Dotty's is a chain of slot machine parlors with about 175 locations in Nevada, Oregon and Montana and another 150 locations planned in Illinois. The business model is controversial, with sites "offering minimal food and beverage choices with a heavy focus on gambling." The chain has a clean, well-lit atmosphere meant to invoke "your grandmother's kitchen" and is demographically targeted towards women aged 35 and older.

==History==
===Oregon===
The chain was founded in Oregon in 1991 by Craig Estey, whose family owned a major vending machine and food distribution service. The Oregon Legislature that year had authorized video poker machines to be installed in bars and taverns, under the aegis of the Oregon Lottery. The first poker machines began operation in March 1992, and by the next month, five Dotty's delis were open. The Oregon State Police, responsible for background checks on lottery retailers, objected to licensing the delis, arguing that they were not the type of business intended by the Legislature to have video poker, but its concerns were overruled by the lottery's director, Jim Davey.

In late 1993, when Dotty's sought to open its sixteenth outlet, Davey's successor, Dan Simmons, sought an opinion from the Attorney General as to whether he could deny the license on the basis that Dotty's was primarily a gambling business. A rule was instituted requiring a business to be at least a year old before becoming a lottery retailer, but Estey sued the state and was granted a waiver from this new requirement. Another rule was enacted requiring retailers to earn no more than two-thirds of their total income from the lottery, and a 1997 audit found that 21 of the 22 Dotty's outlets were in violation.

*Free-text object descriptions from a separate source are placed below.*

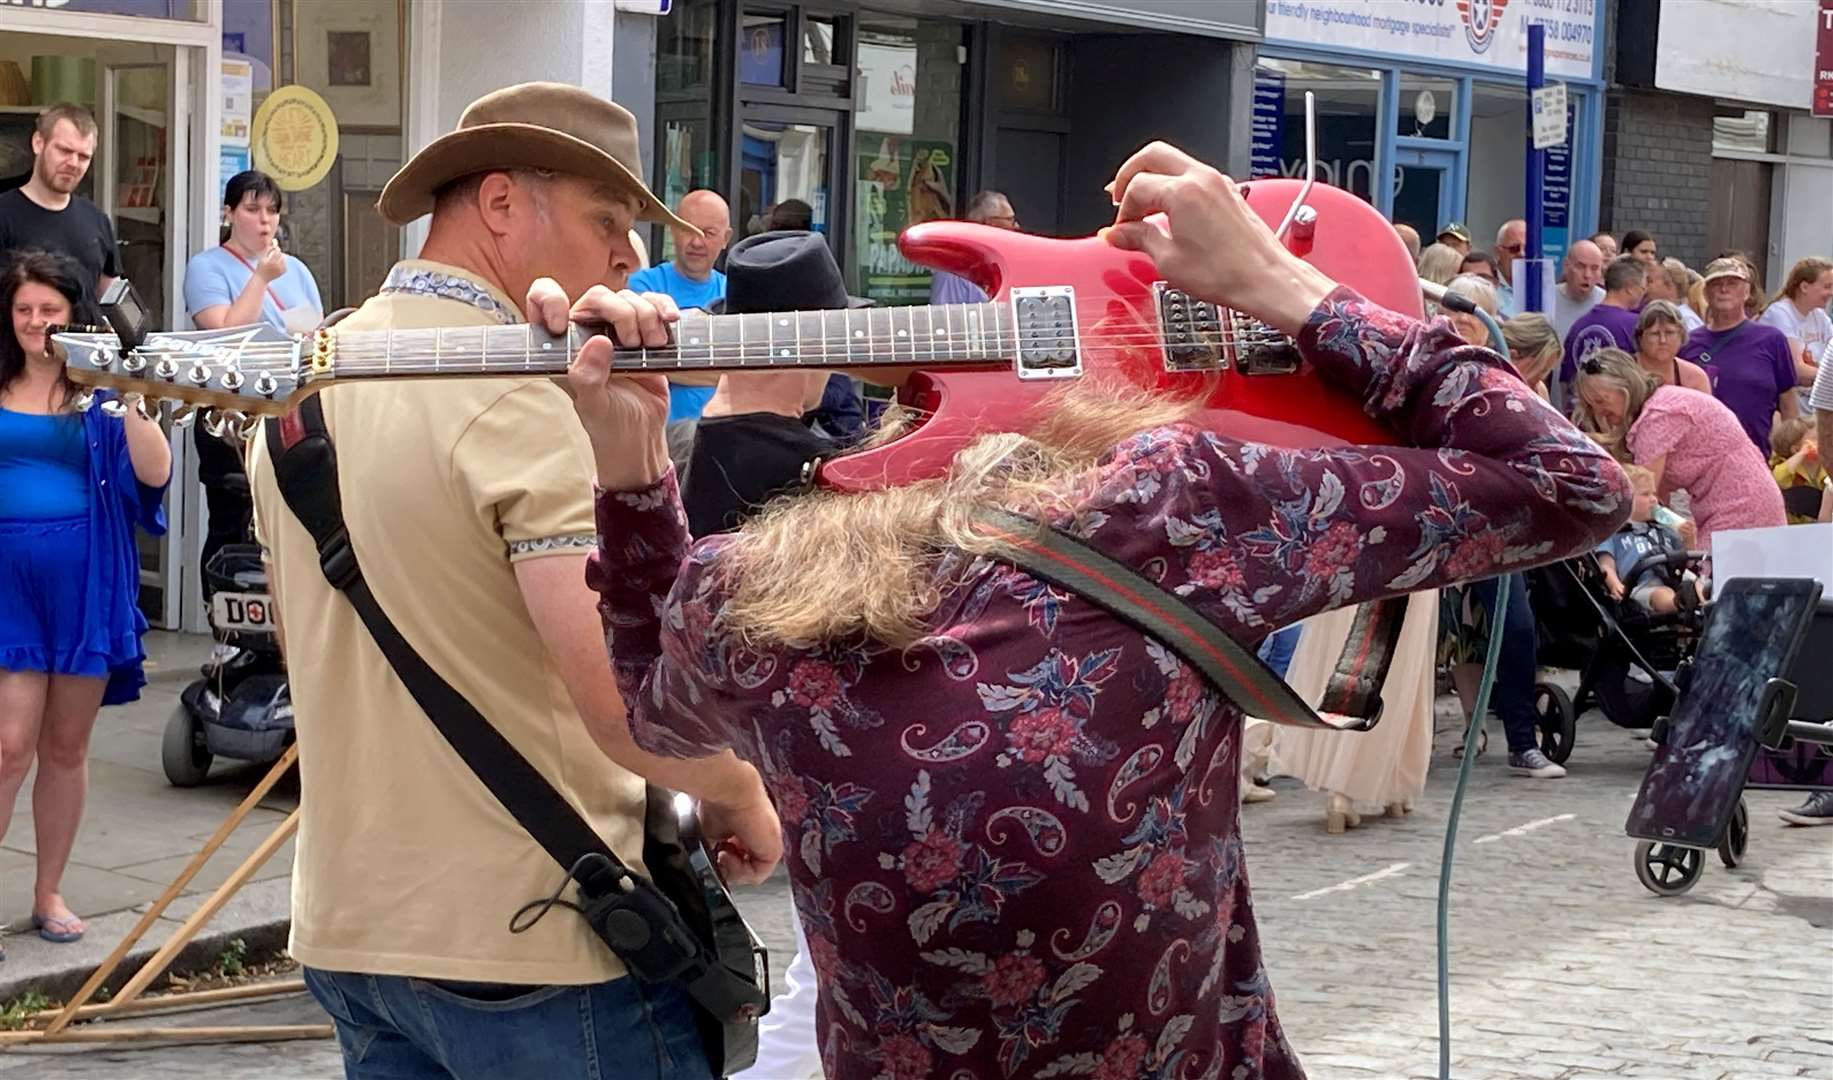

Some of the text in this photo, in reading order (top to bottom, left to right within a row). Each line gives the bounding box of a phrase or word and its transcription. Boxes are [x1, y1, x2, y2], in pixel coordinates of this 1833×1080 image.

[1278, 2, 1309, 22] friendly
[1310, 7, 1373, 28] neighbourhood
[1373, 16, 1410, 35] mortgage
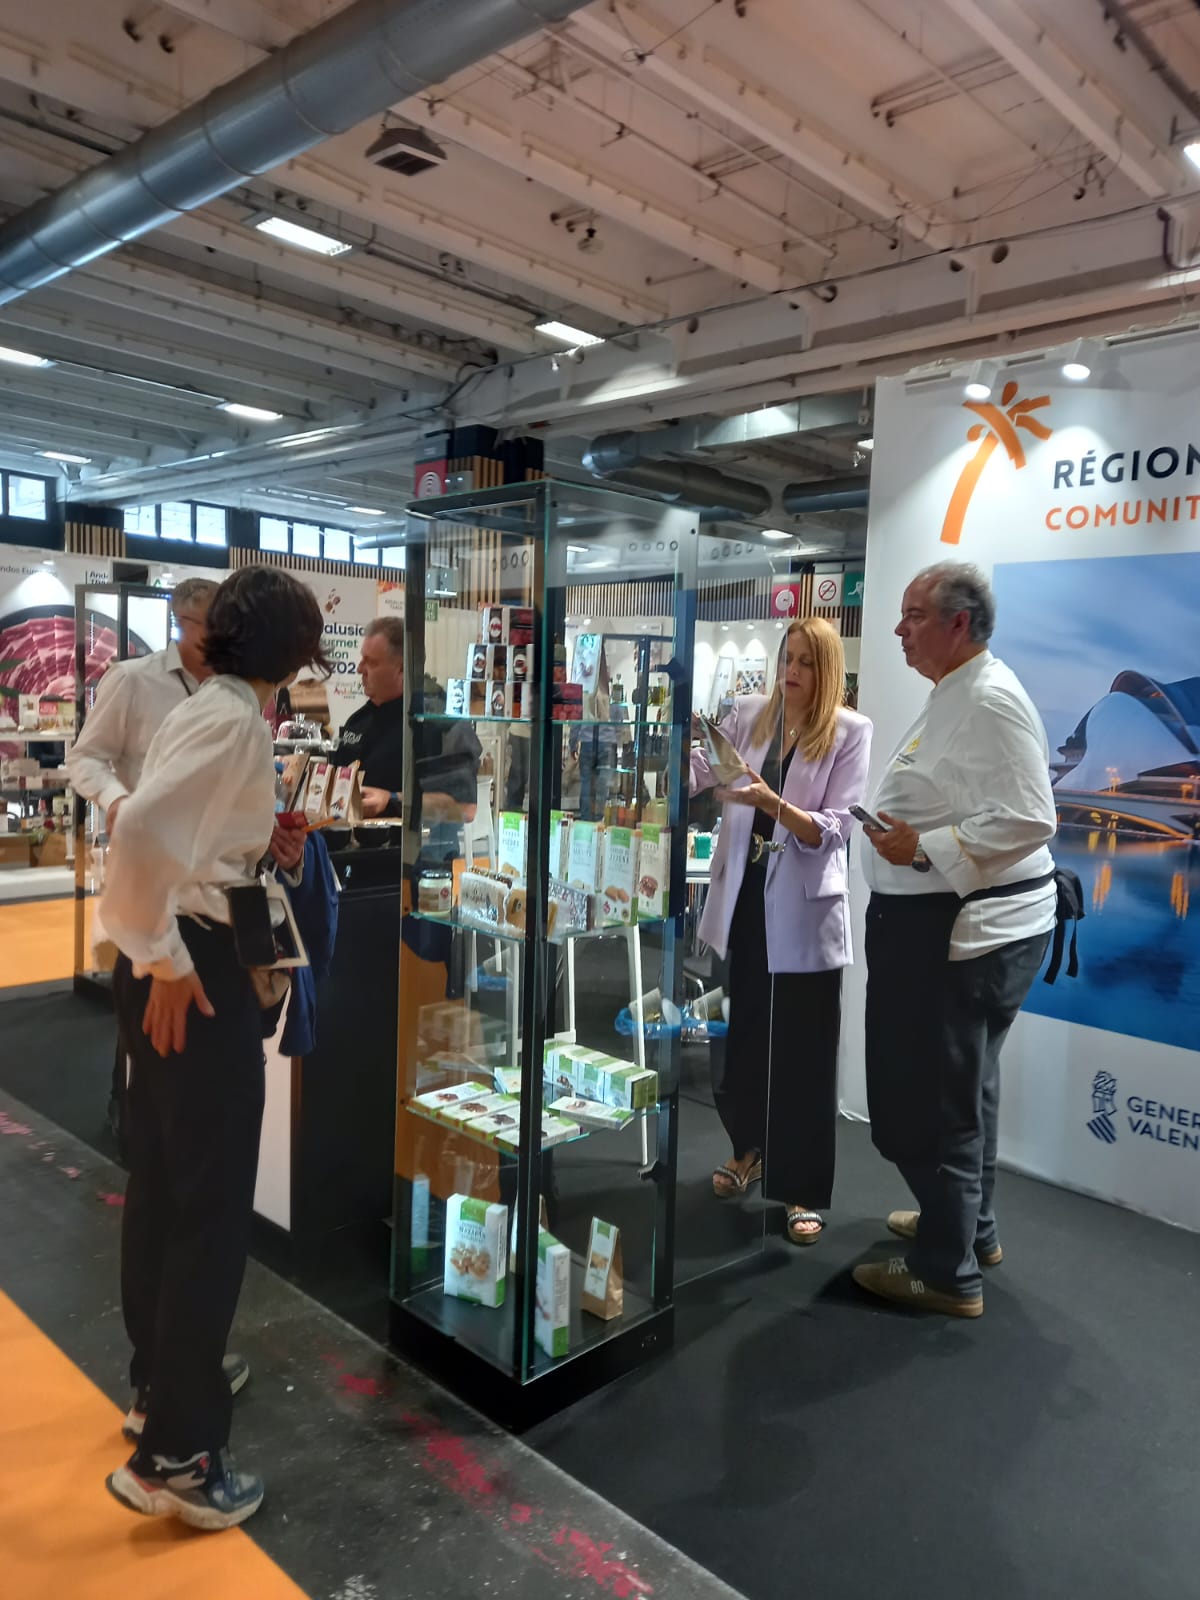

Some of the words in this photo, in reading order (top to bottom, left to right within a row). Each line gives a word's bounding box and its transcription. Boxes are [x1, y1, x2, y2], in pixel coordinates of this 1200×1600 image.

[1053, 443, 1200, 489] RÉGION
[1045, 495, 1200, 531] COMUNIT
[1127, 1096, 1200, 1129] GENER
[1128, 1116, 1199, 1151] VALEN

As of 2005, Dotty's had 26 locations in Oregon, and earned $6.4 million in lottery commissions.

In 2006, Estey came under investigation by the Lottery for alleged incidents of domestic violence against his wife, and for lying to Nevada gaming regulators about the incidents. Faced with the threat of losing Dotty's lottery retailer contract, Estey was forced to sell Dotty's locations in Oregon to a group of investors from South Dakota, including Dan Fischer and Marwin Hofer, at a sales price reportedly higher than $15 million. The new owners took possession in March 2007, with the Lottery itself agreeing to operate the stores on a temporary basis.

===Nevada===
Estey made his move into Nevada in 1995, gaining approval from the Nevada Gaming Commission for six Dotty's bars built along the model of the Oregon chain. By 2002, there were eight Dotty's locations in the state, and the chain was pushing into Northern Nevada with three planned locations in Reno and Carson City.

Opposition to Dotty's arose in 2010, led by locals casino operators Station Casinos and Boyd Gaming. Most Dotty's locations operate under a "restricted" gaming license, allowing up to 15 slot machines in a business such as a bar or convenience store, where gaming is "incidental" to the main business. Opponents argued that Dotty's violated this restriction, with gaming accounting for more than 90 percent of revenue at some locations.

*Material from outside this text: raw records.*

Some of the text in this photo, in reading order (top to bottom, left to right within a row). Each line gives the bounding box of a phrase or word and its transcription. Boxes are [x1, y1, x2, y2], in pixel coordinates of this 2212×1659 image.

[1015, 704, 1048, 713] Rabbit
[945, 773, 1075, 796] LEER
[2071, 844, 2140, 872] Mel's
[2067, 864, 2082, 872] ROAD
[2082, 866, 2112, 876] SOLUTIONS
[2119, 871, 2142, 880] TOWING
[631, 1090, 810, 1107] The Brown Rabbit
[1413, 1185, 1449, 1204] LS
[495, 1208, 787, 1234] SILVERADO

Dotty's opponents were successful in April 2011, convincing the Clark County Commission to adopt rules that taverns with slot machines must have at least 2,500 square feet of space, at least eight bar-top slot machines, and a kitchen operating at least 12 hours a day, none of which would be satisfied by the typical Dotty's location. Similar restrictions were adopted months later at a statewide level by the Gaming Commission. By mid-2013, Dotty's was close to opening new locations with bar and restaurant facilities to comply with the stricter regulations, with the total number of locations in Nevada set to grow to 97.

In August 2013, Dotty's agreed to acquire the Hacienda Hotel and Casino near Boulder City, its first full hotel-casino. In July 2014, Dotty's agreed to buy the River Palms in Laughlin.

===Illinois===
Illinois began video gambling operations in October 2012, with bars allowed to install as many as five slot machines. Dotty's soon made its move into the state, announcing plans to open 150 Dotty's Cafes, mostly in strip malls in the suburbs of Chicago.